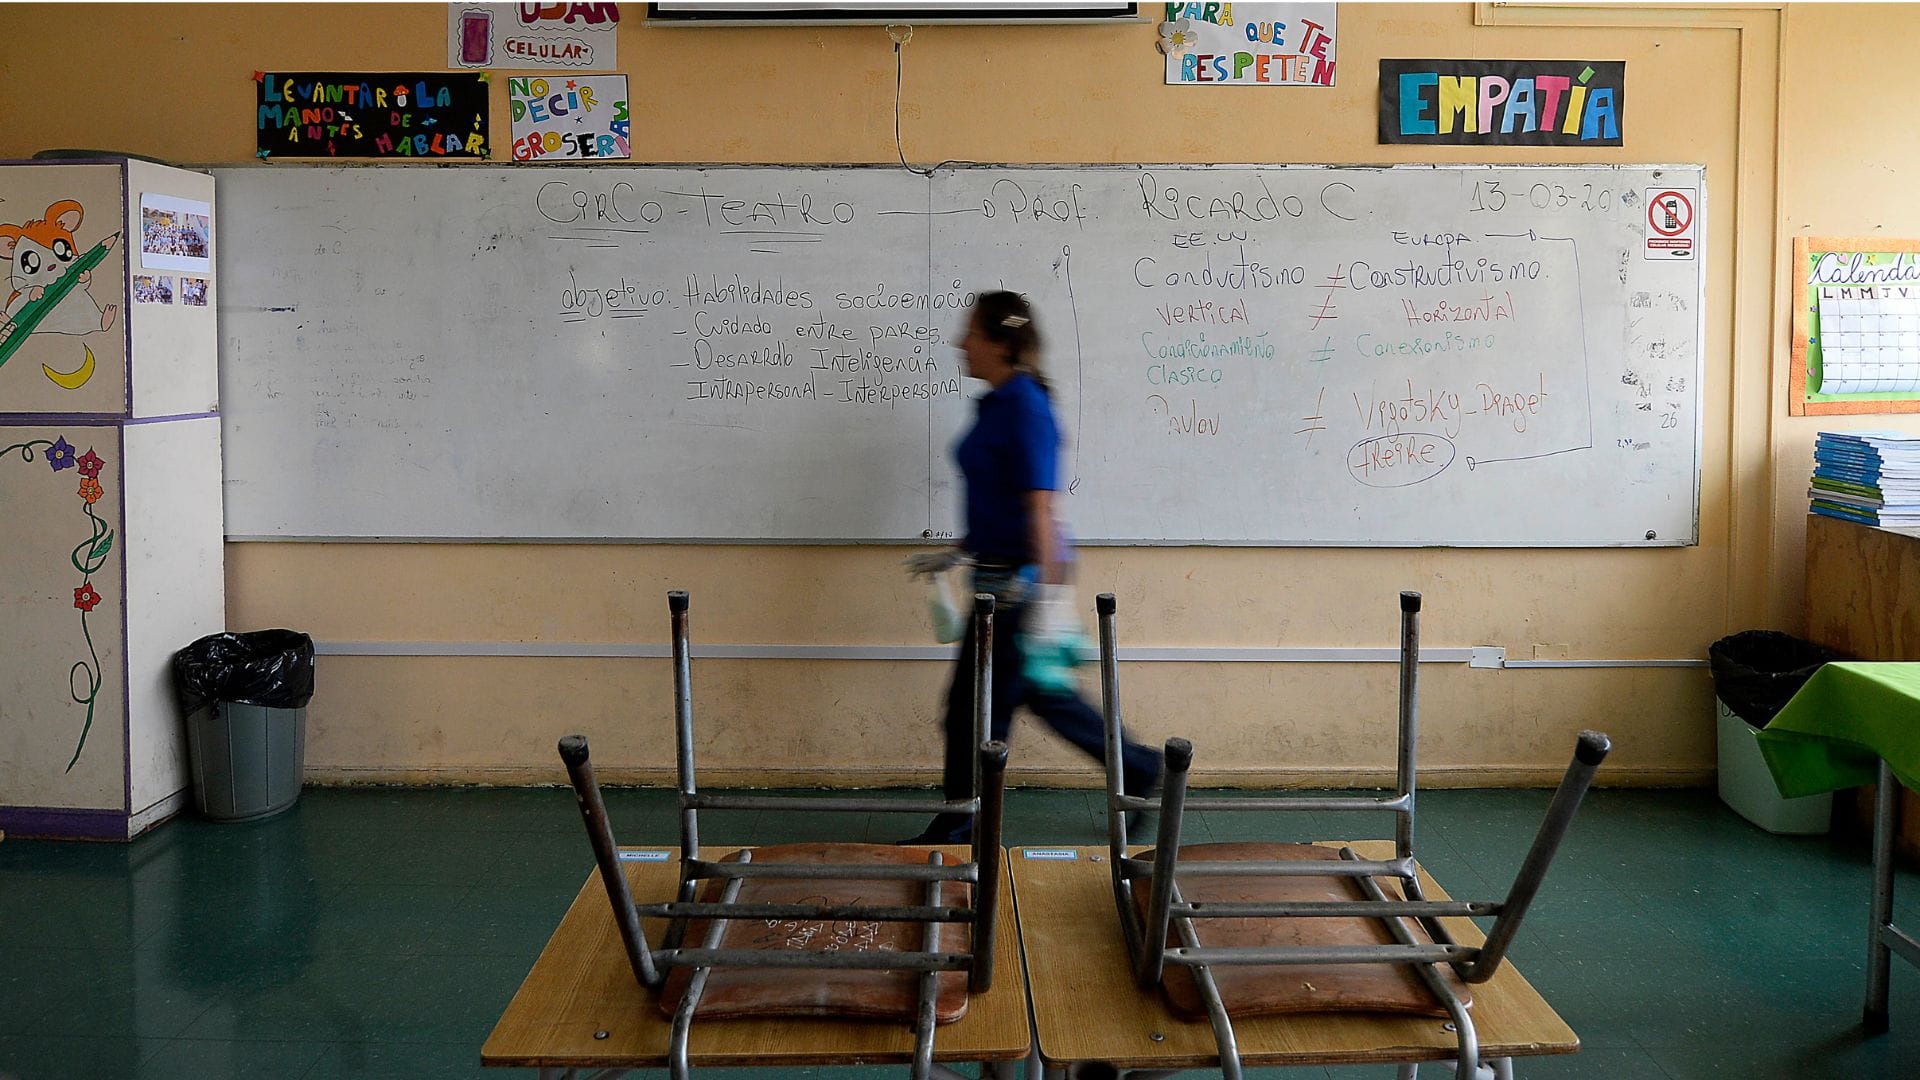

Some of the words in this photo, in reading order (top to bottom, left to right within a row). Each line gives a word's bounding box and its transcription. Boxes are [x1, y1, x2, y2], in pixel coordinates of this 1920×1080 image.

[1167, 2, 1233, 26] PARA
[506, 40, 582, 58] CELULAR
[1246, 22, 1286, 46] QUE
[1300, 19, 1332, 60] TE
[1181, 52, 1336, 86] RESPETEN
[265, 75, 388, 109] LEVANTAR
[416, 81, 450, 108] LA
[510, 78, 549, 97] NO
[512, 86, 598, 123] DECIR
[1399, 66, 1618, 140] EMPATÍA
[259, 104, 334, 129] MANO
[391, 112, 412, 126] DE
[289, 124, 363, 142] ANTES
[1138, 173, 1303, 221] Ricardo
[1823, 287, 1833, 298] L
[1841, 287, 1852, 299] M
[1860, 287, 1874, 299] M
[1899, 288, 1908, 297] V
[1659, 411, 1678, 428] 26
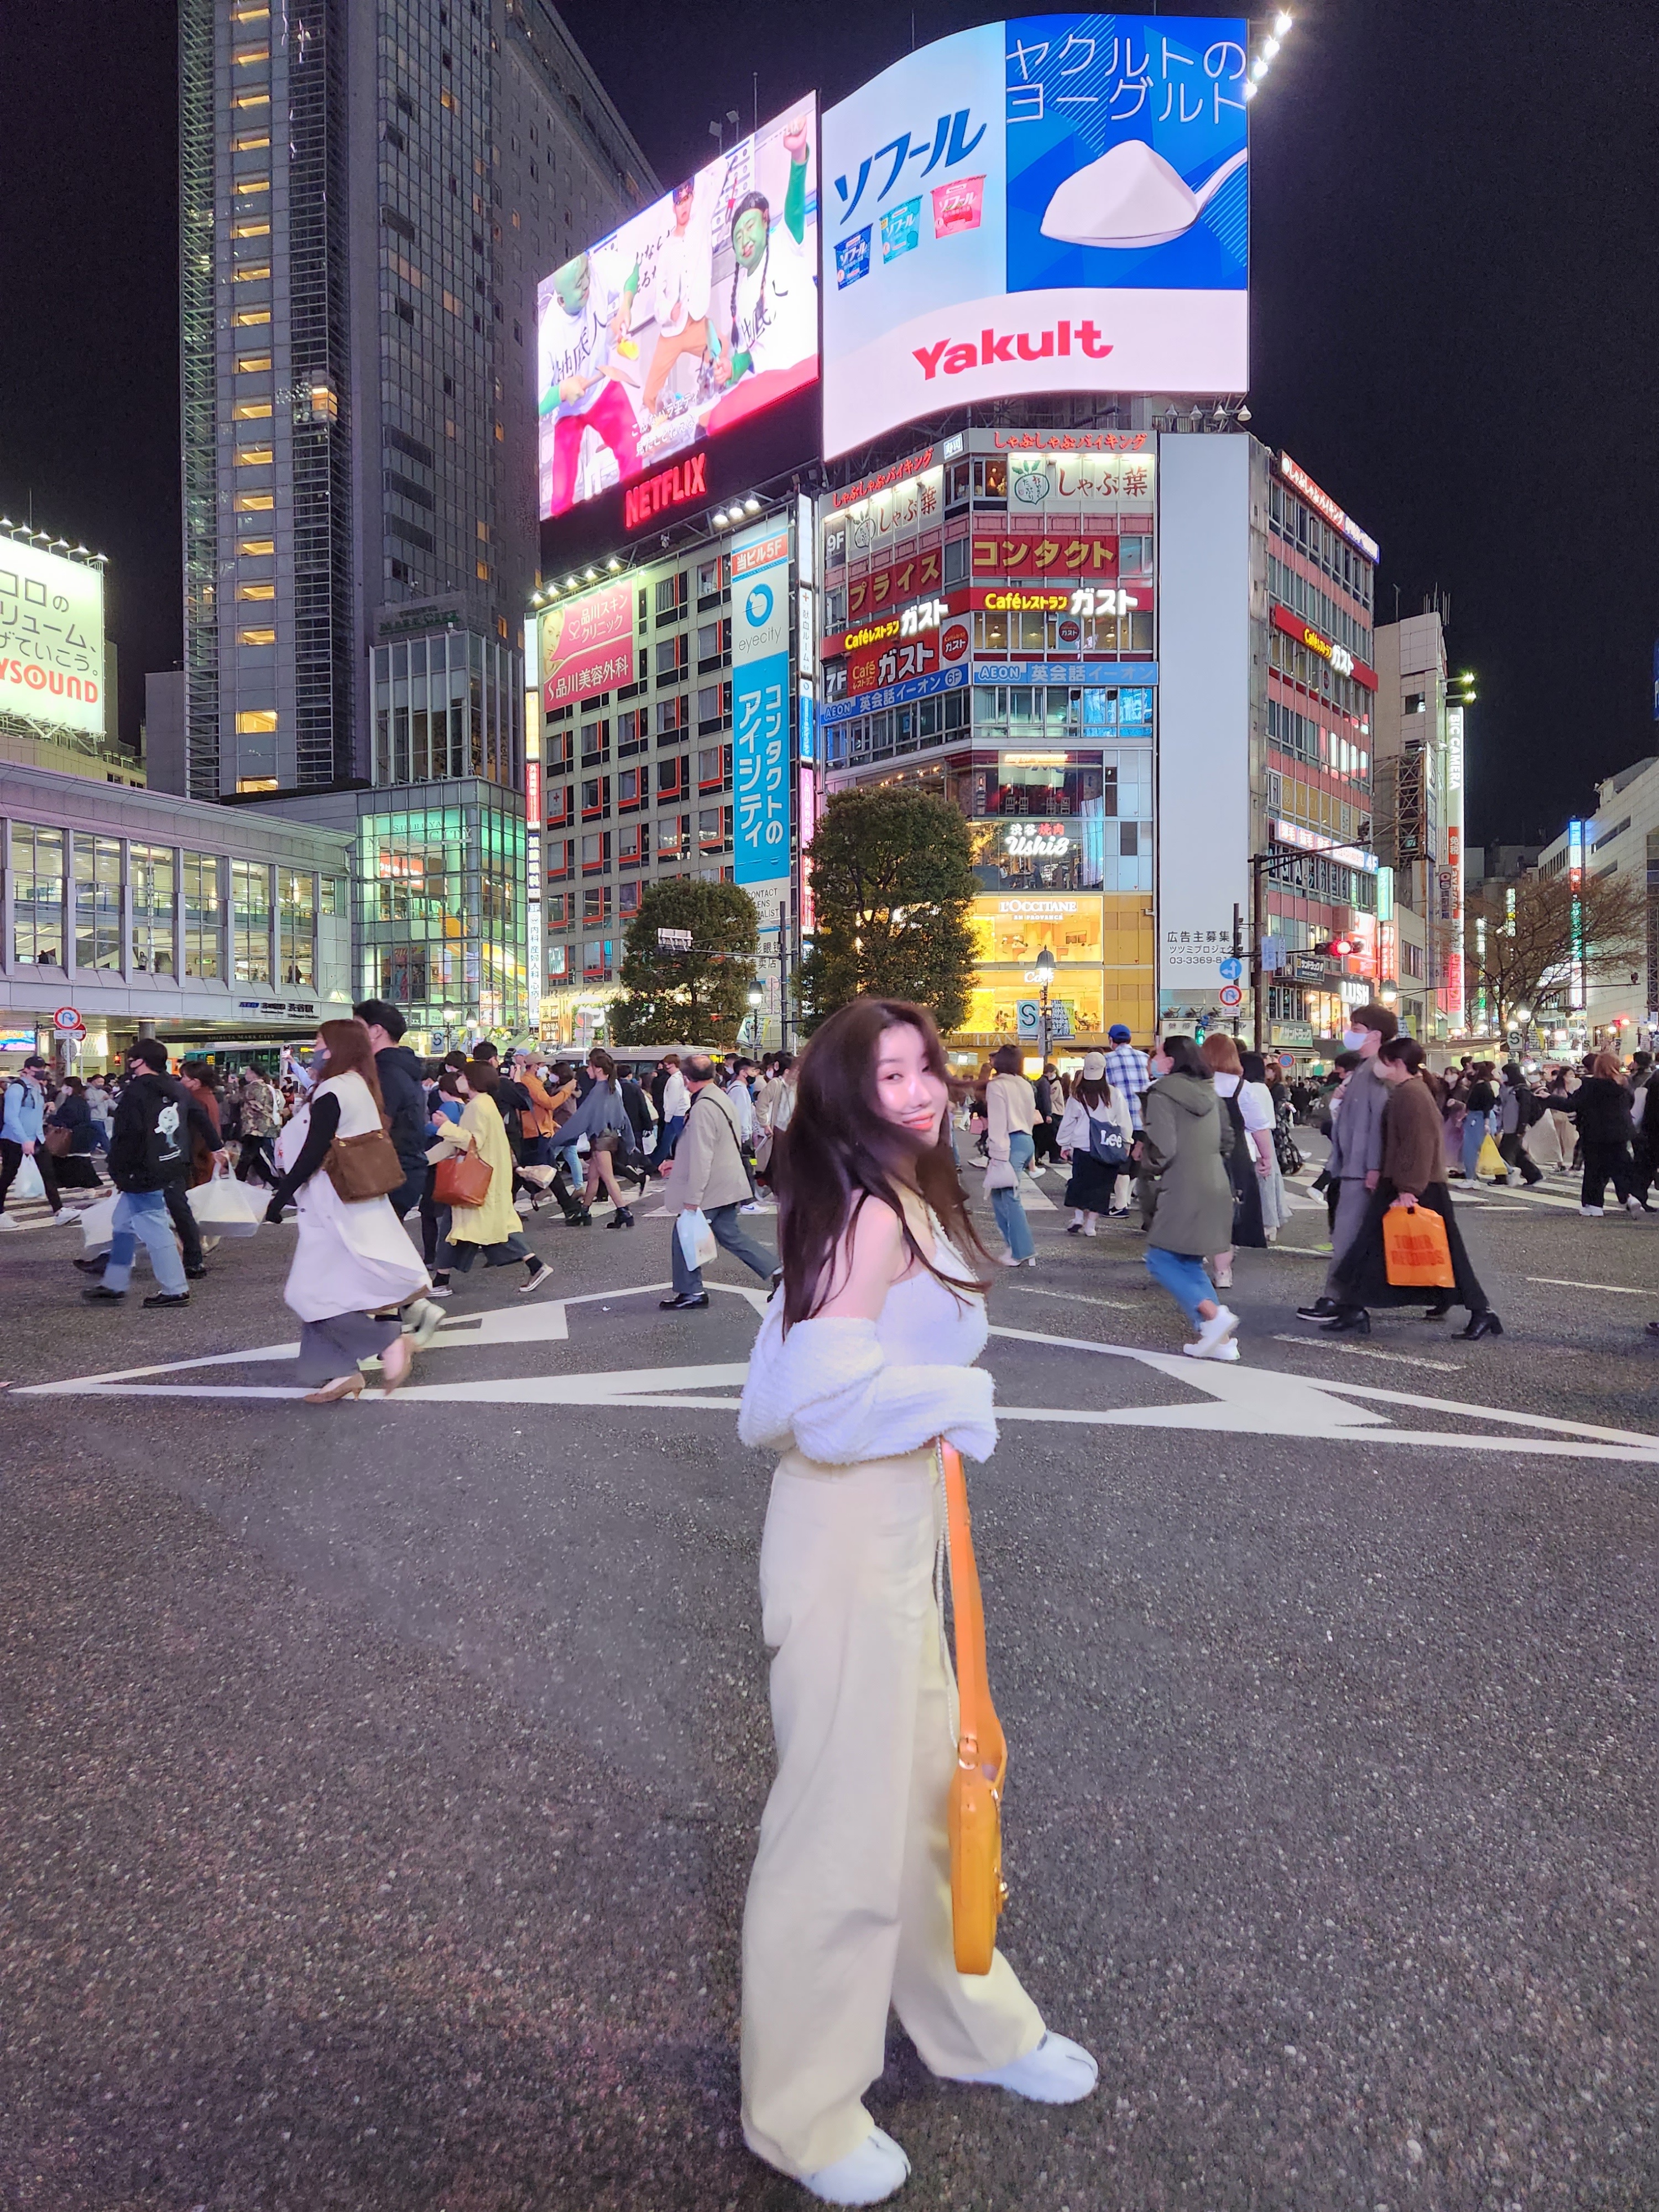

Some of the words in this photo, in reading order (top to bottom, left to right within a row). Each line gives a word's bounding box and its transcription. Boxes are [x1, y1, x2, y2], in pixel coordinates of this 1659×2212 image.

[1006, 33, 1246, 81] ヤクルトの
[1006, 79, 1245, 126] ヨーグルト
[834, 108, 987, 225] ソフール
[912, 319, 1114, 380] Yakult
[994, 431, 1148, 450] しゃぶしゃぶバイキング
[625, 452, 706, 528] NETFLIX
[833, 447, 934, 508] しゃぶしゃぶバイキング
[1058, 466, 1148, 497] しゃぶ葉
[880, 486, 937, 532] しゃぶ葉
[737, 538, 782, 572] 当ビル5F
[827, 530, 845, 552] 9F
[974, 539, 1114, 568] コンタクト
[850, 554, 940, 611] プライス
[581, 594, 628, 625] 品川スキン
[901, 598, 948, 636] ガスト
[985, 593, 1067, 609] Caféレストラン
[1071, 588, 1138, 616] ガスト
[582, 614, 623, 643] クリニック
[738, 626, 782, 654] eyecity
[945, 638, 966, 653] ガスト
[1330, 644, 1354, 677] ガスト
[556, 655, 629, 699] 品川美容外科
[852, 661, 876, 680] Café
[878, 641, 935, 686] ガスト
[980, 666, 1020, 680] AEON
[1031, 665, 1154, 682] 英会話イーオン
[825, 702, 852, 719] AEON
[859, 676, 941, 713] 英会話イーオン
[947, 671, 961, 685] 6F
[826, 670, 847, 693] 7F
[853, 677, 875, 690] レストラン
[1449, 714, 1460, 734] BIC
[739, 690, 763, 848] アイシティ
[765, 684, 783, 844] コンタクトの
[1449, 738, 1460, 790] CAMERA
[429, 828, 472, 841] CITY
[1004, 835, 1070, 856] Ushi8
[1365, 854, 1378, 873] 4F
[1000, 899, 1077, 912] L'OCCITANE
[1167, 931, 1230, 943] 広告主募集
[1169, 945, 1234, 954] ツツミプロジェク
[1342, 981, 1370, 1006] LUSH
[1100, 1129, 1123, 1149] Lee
_ _ _ _
Task requirements: Please return the records above exactly as written, dropping every picture.

Solution to this task:
Some of the words in this photo, in reading order (top to bottom, left to right within a row). Each line gives a word's bounding box and its transcription. Boxes are [x1, y1, x2, y2], in pixel coordinates of this 1920×1080 image.

[1167, 2, 1233, 26] PARA
[506, 40, 582, 58] CELULAR
[1246, 22, 1286, 46] QUE
[1300, 19, 1332, 60] TE
[1181, 52, 1336, 86] RESPETEN
[265, 75, 388, 109] LEVANTAR
[416, 81, 450, 108] LA
[510, 78, 549, 97] NO
[512, 86, 598, 123] DECIR
[1399, 66, 1618, 140] EMPATÍA
[259, 104, 334, 129] MANO
[391, 112, 412, 126] DE
[289, 124, 363, 142] ANTES
[1138, 173, 1303, 221] Ricardo
[1823, 287, 1833, 298] L
[1841, 287, 1852, 299] M
[1860, 287, 1874, 299] M
[1899, 288, 1908, 297] V
[1659, 411, 1678, 428] 26

Some of the words in this photo, in reading order (top to bottom, left to right within a row). Each line gives a word's bounding box and its transcription. Boxes are [x1, y1, x2, y2], in pixel coordinates of this 1659×2212 image.

[1006, 33, 1246, 81] ヤクルトの
[1006, 79, 1245, 126] ヨーグルト
[834, 108, 987, 225] ソフール
[912, 319, 1114, 380] Yakult
[994, 431, 1148, 450] しゃぶしゃぶバイキング
[625, 452, 706, 528] NETFLIX
[833, 447, 934, 508] しゃぶしゃぶバイキング
[1058, 466, 1148, 497] しゃぶ葉
[880, 486, 937, 532] しゃぶ葉
[737, 538, 782, 572] 当ビル5F
[827, 530, 845, 552] 9F
[974, 539, 1114, 568] コンタクト
[850, 554, 940, 611] プライス
[581, 594, 628, 625] 品川スキン
[901, 598, 948, 636] ガスト
[985, 593, 1067, 609] Caféレストラン
[1071, 588, 1138, 616] ガスト
[582, 614, 623, 643] クリニック
[738, 626, 782, 654] eyecity
[945, 638, 966, 653] ガスト
[1330, 644, 1354, 677] ガスト
[556, 655, 629, 699] 品川美容外科
[852, 661, 876, 680] Café
[878, 641, 935, 686] ガスト
[980, 666, 1020, 680] AEON
[1031, 665, 1154, 682] 英会話イーオン
[825, 702, 852, 719] AEON
[859, 676, 941, 713] 英会話イーオン
[947, 671, 961, 685] 6F
[826, 670, 847, 693] 7F
[853, 677, 875, 690] レストラン
[1449, 714, 1460, 734] BIC
[739, 690, 763, 848] アイシティ
[765, 684, 783, 844] コンタクトの
[1449, 738, 1460, 790] CAMERA
[429, 828, 472, 841] CITY
[1004, 835, 1070, 856] Ushi8
[1365, 854, 1378, 873] 4F
[1000, 899, 1077, 912] L'OCCITANE
[1167, 931, 1230, 943] 広告主募集
[1169, 945, 1234, 954] ツツミプロジェク
[1342, 981, 1370, 1006] LUSH
[1100, 1129, 1123, 1149] Lee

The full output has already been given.